## SOURCE INFORMATION
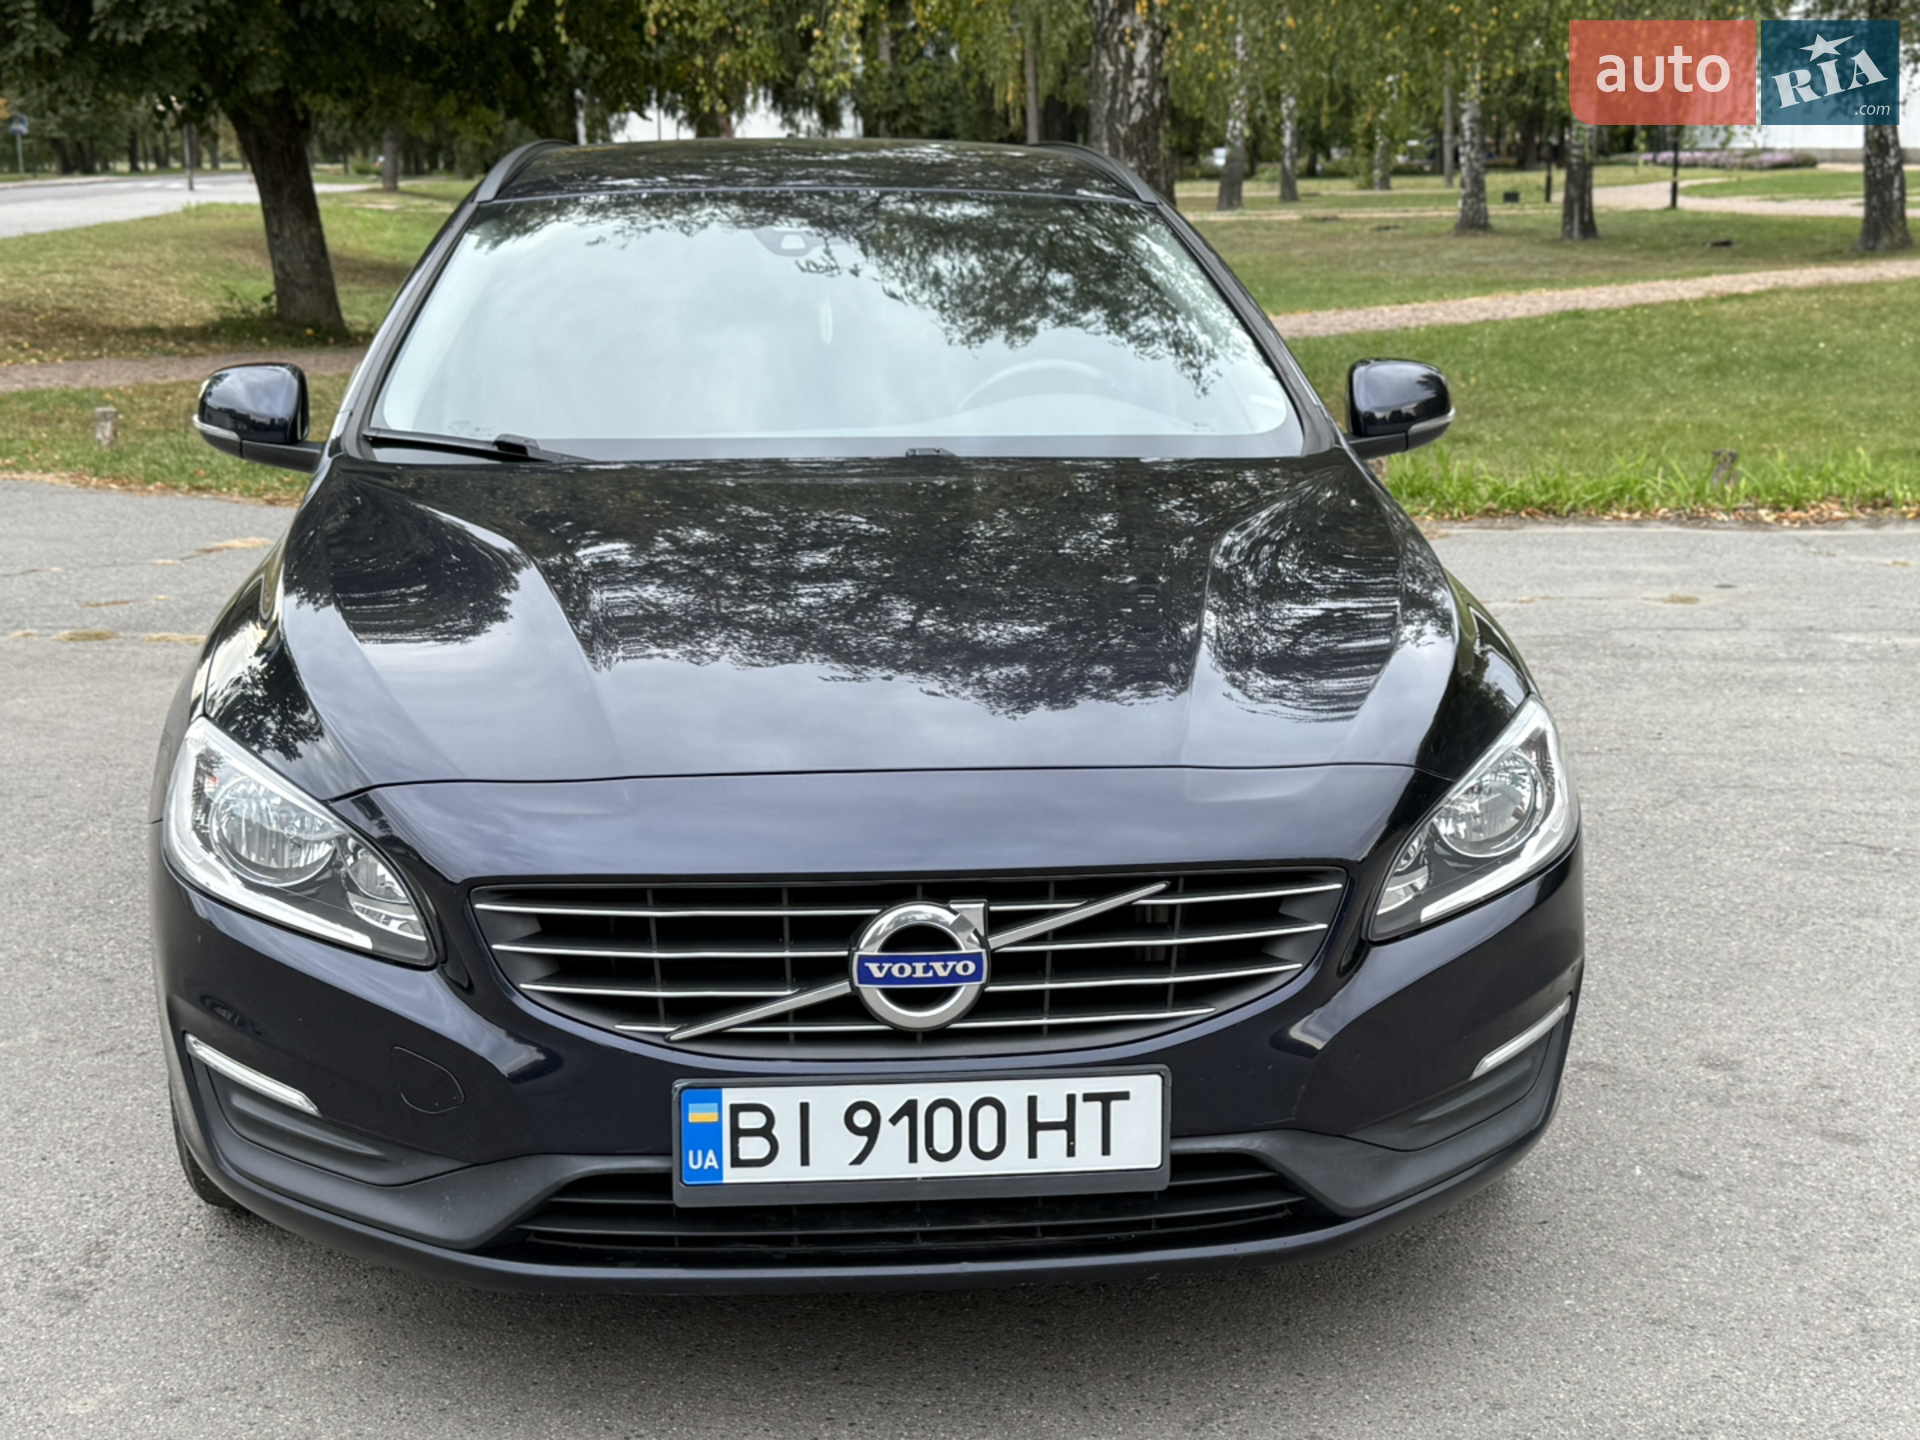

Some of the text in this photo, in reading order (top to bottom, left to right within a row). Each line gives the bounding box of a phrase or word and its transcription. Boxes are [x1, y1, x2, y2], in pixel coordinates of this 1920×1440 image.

[864, 960, 976, 978] VOLVO
[729, 1091, 1130, 1168] BI 9100 HT
[688, 1150, 719, 1170] UA
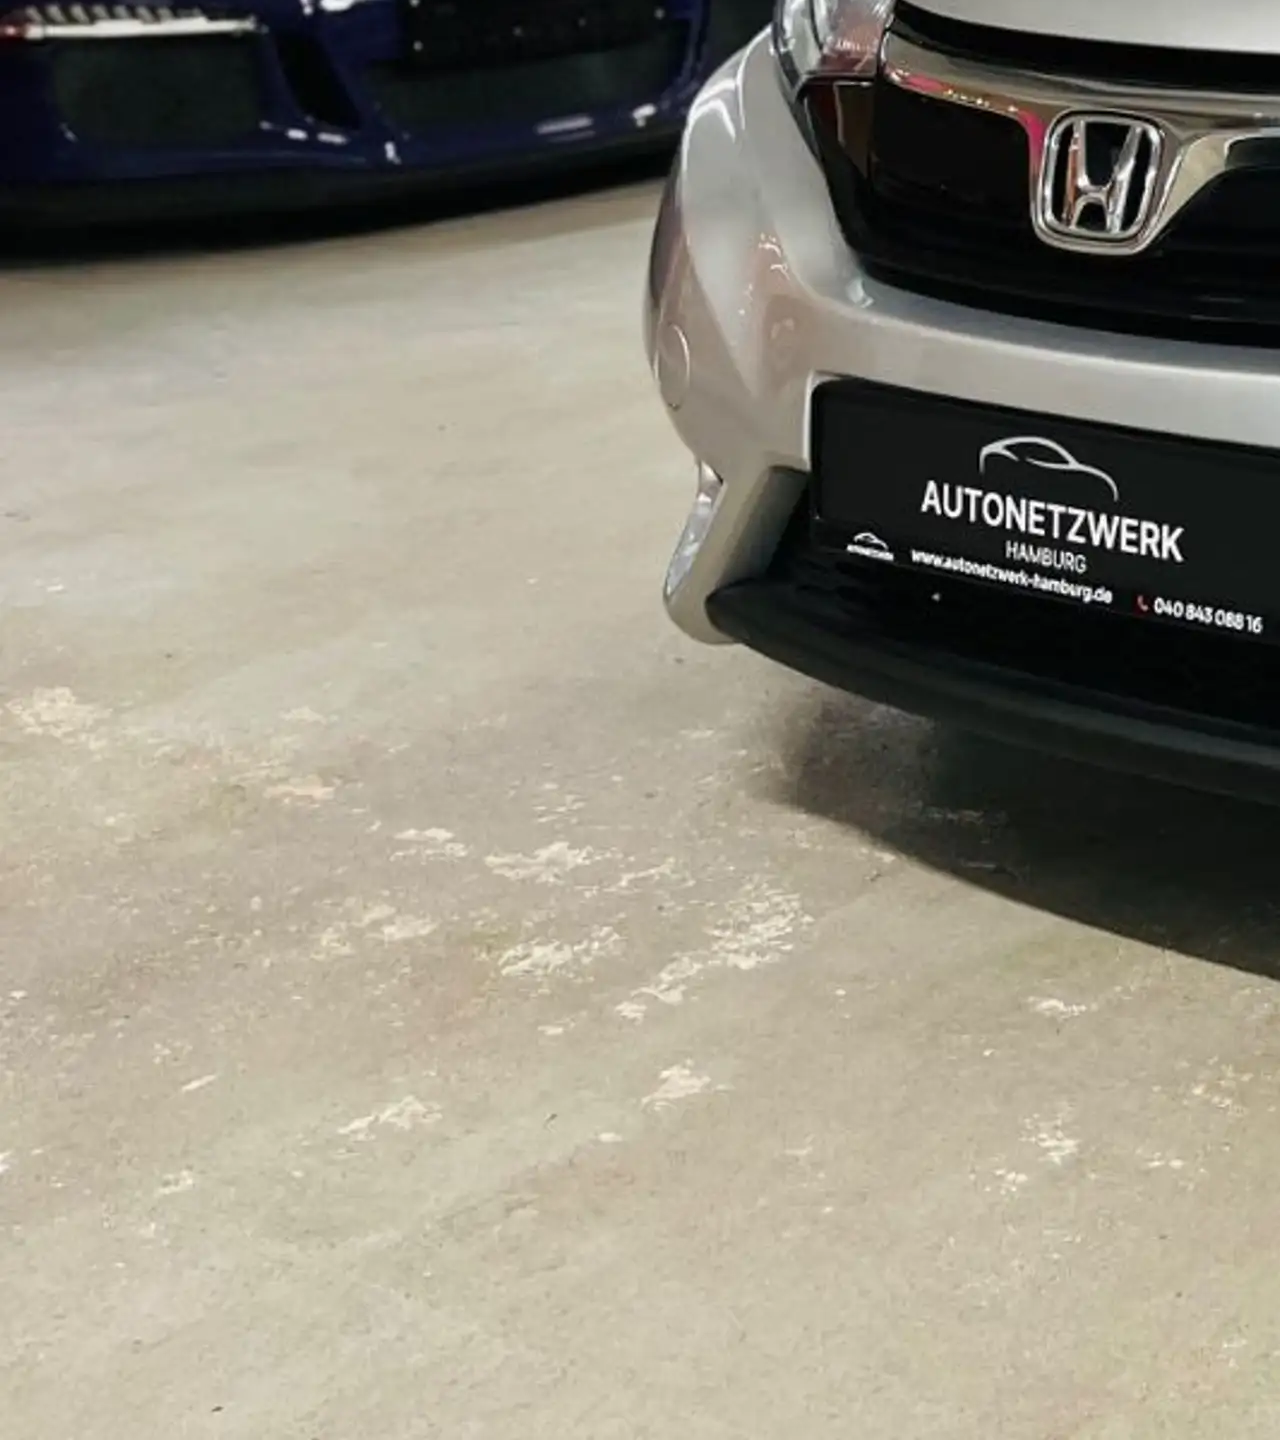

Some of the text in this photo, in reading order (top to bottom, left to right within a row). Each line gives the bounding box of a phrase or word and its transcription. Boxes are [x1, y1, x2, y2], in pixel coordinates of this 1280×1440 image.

[921, 479, 1184, 563] AUTONETZWERK
[1005, 539, 1087, 573] HAMBURG
[911, 549, 1113, 604] www.autonetzwerk-hamburg.de
[1153, 597, 1184, 619] 040
[1185, 603, 1213, 625] 843
[1214, 609, 1245, 632] 088
[1246, 615, 1264, 635] 16

## WHAT TO WORK ON
In your copy, exclude the pictures and repeat each entry above exactly.

## OUTPUT FOR THIS EXERCISE
Some of the text in this photo, in reading order (top to bottom, left to right within a row). Each line gives the bounding box of a phrase or word and its transcription. Boxes are [x1, y1, x2, y2], in pixel coordinates of this 1920×1440 image.

[864, 960, 976, 978] VOLVO
[729, 1091, 1130, 1168] BI 9100 HT
[688, 1150, 719, 1170] UA

Some of the text in this photo, in reading order (top to bottom, left to right within a row). Each line gives the bounding box of a phrase or word and its transcription. Boxes are [x1, y1, x2, y2], in pixel coordinates of this 1280×1440 image.

[921, 479, 1184, 563] AUTONETZWERK
[1005, 539, 1087, 573] HAMBURG
[911, 549, 1113, 604] www.autonetzwerk-hamburg.de
[1153, 597, 1184, 619] 040
[1185, 603, 1213, 625] 843
[1214, 609, 1245, 632] 088
[1246, 615, 1264, 635] 16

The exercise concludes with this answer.